Top of INPUT RECORDS

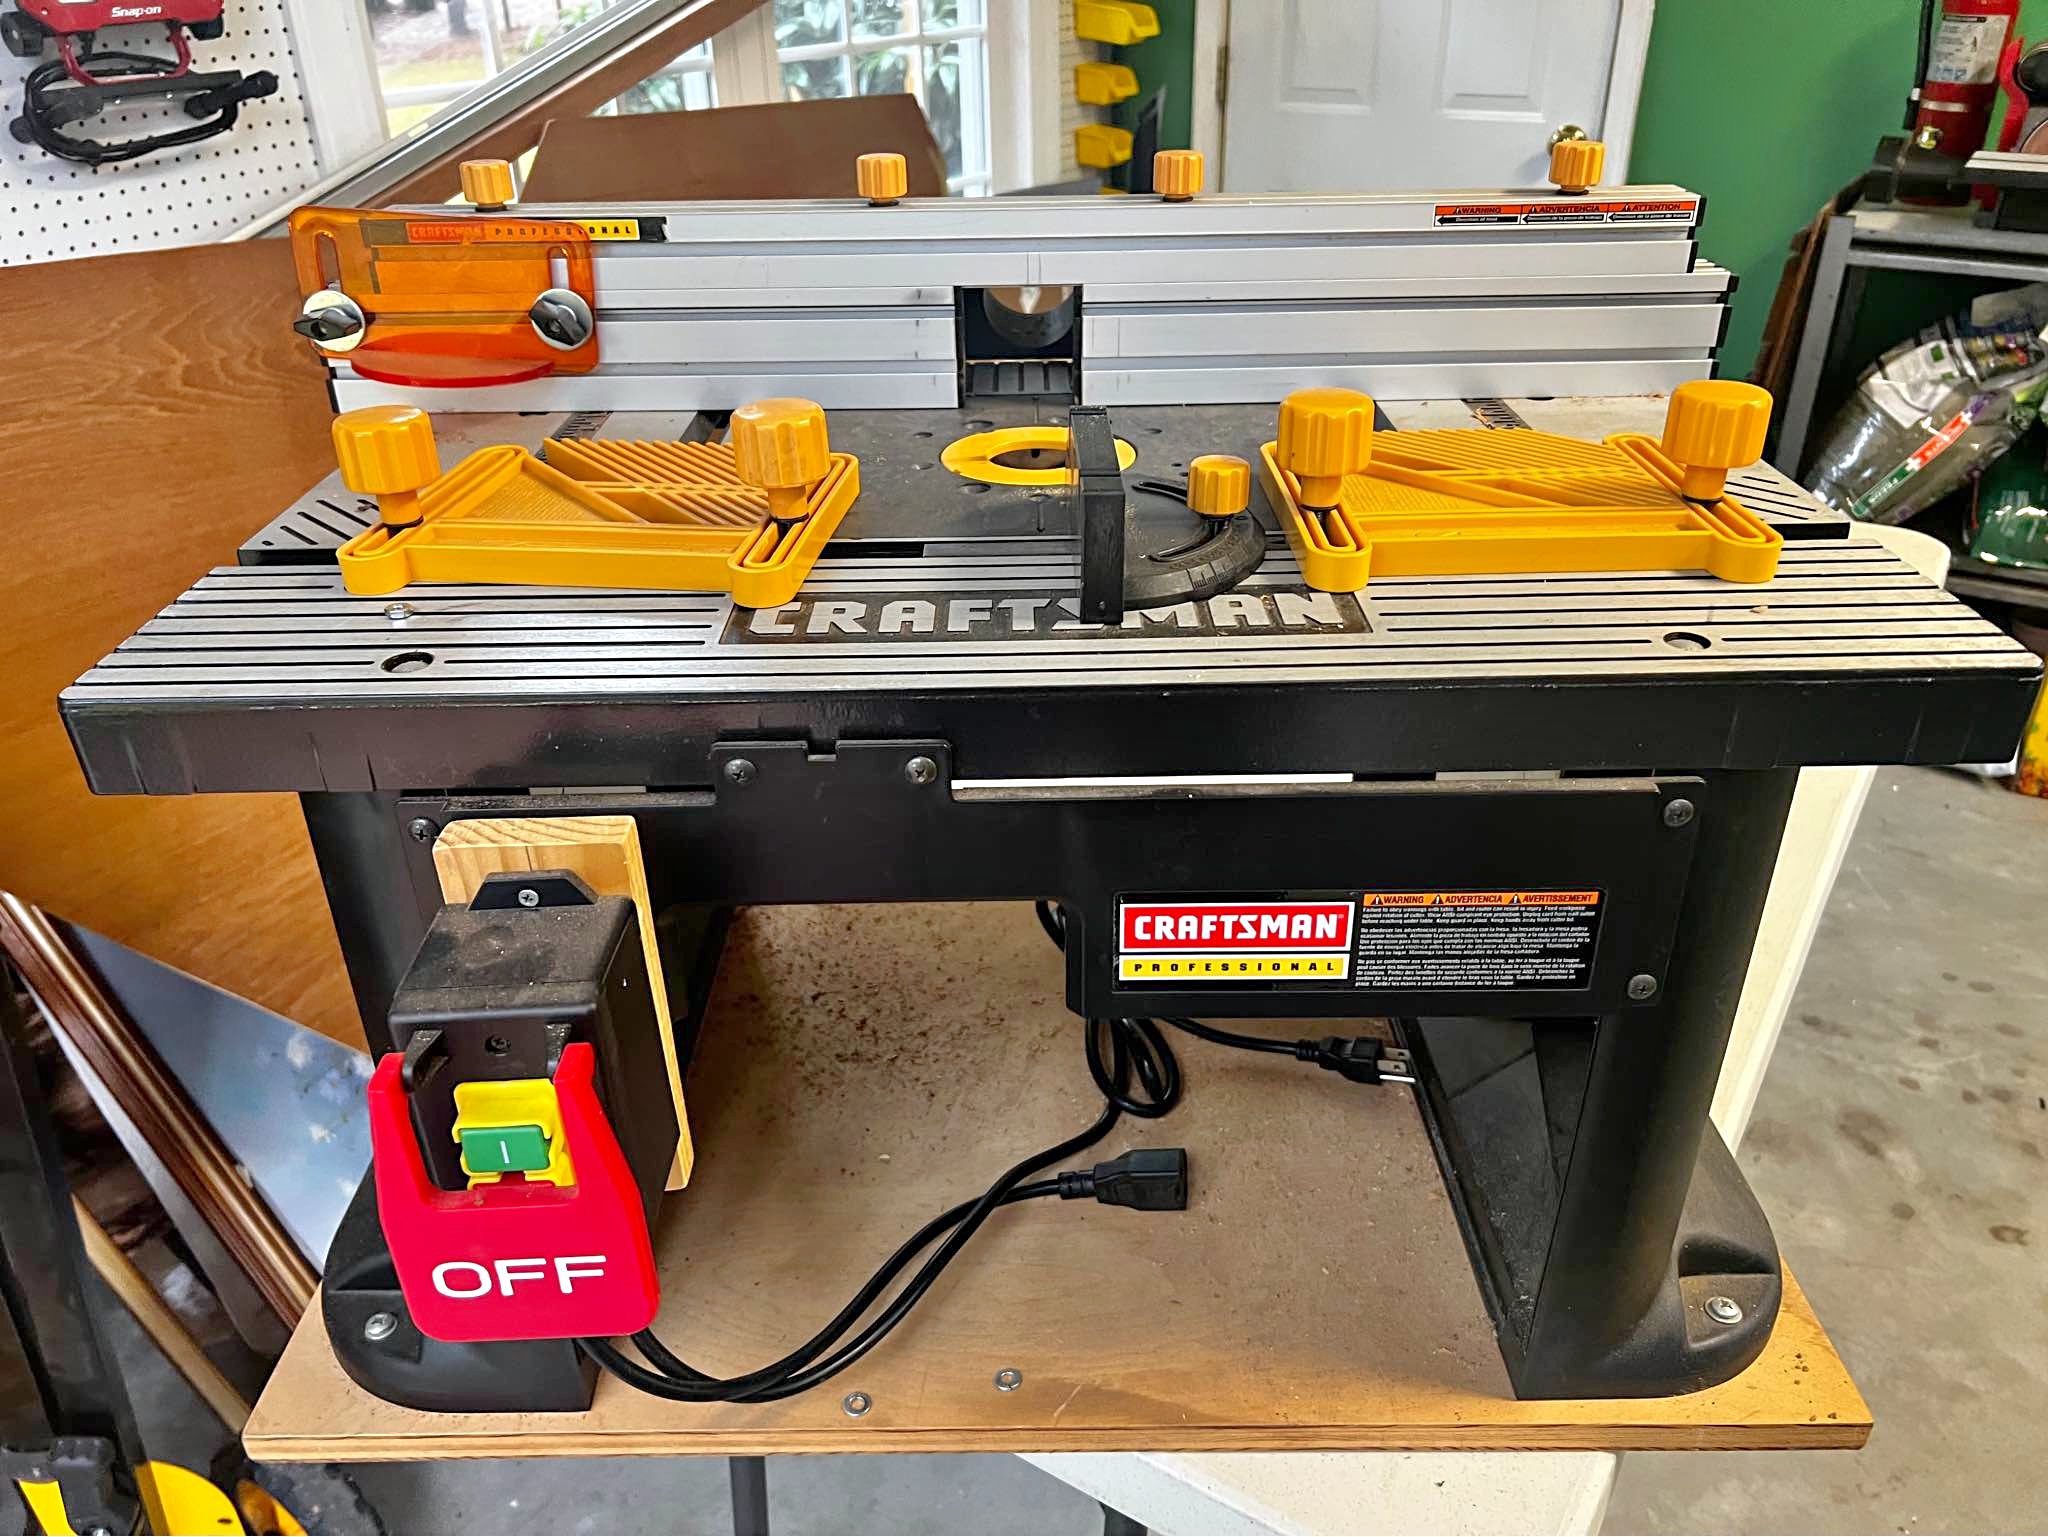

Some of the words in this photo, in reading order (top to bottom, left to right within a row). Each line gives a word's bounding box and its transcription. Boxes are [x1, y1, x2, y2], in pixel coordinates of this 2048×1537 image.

[112, 6, 162, 18] Snap-on
[1461, 207, 1501, 215] WARNING
[1539, 205, 1600, 213] ADVERTENCIA
[1632, 203, 1681, 211] ATTENTION
[1383, 895, 1424, 904] WARNING
[1444, 894, 1501, 903] ADVERTENCIA
[1523, 894, 1593, 903] AVERTISSEMENT
[1134, 913, 1338, 940] CRAFTSMAN
[1134, 962, 1334, 973] PROFESSIONAL
[431, 1255, 607, 1298] OFF
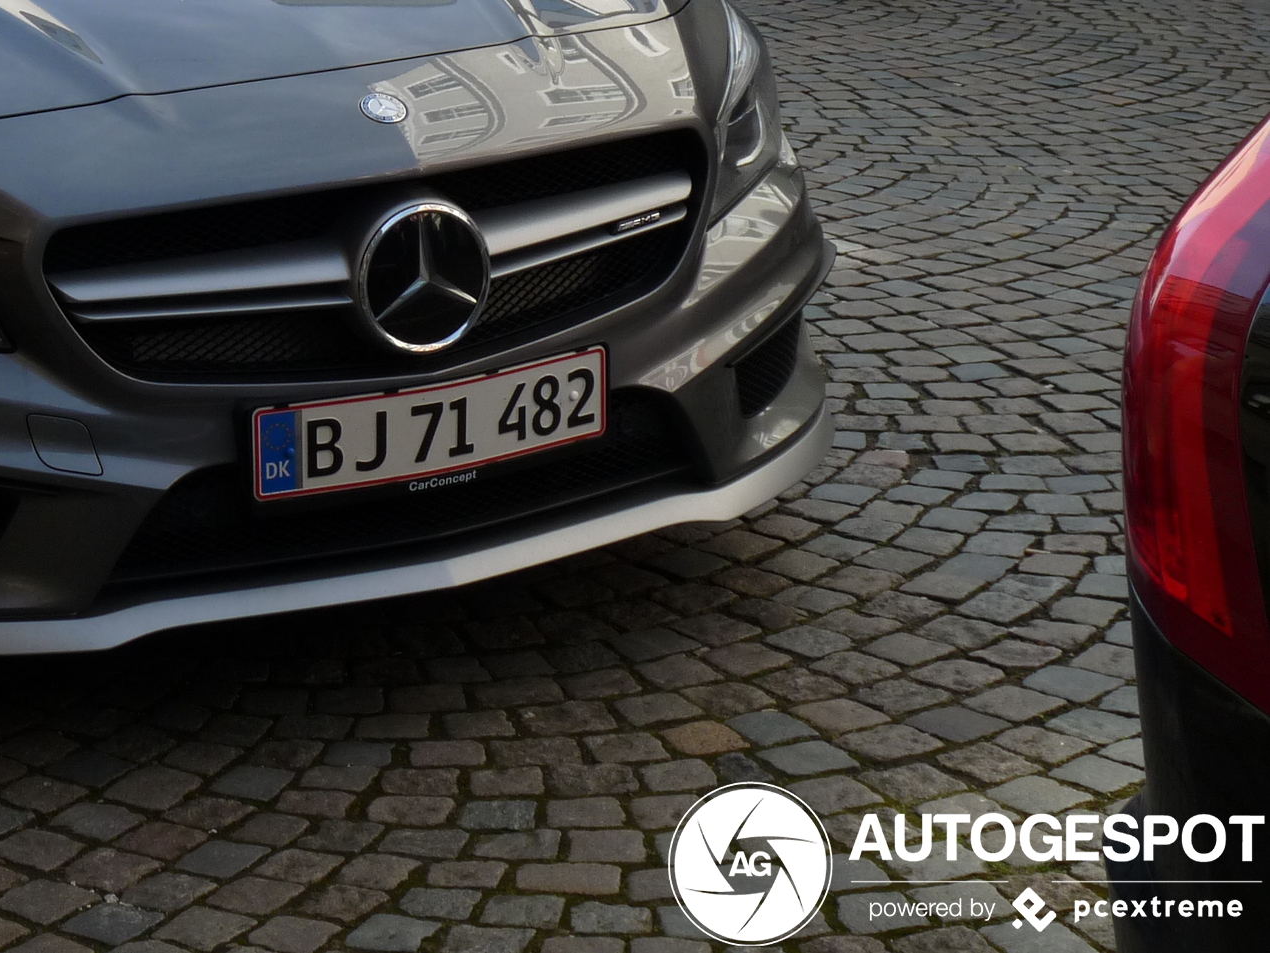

Bottom of INPUT RECORDS

YOUR TASK ▸
Give back the entries verbatim but drop every picture.

COMPLETED EXERCISE ▸
Some of the words in this photo, in reading order (top to bottom, left to right within a row). Each line gives a word's bounding box and its transcription. Boxes are [x1, y1, x2, y2], in pixel coordinates of this 2048×1537 image.

[112, 6, 162, 18] Snap-on
[1461, 207, 1501, 215] WARNING
[1539, 205, 1600, 213] ADVERTENCIA
[1632, 203, 1681, 211] ATTENTION
[1383, 895, 1424, 904] WARNING
[1444, 894, 1501, 903] ADVERTENCIA
[1523, 894, 1593, 903] AVERTISSEMENT
[1134, 913, 1338, 940] CRAFTSMAN
[1134, 962, 1334, 973] PROFESSIONAL
[431, 1255, 607, 1298] OFF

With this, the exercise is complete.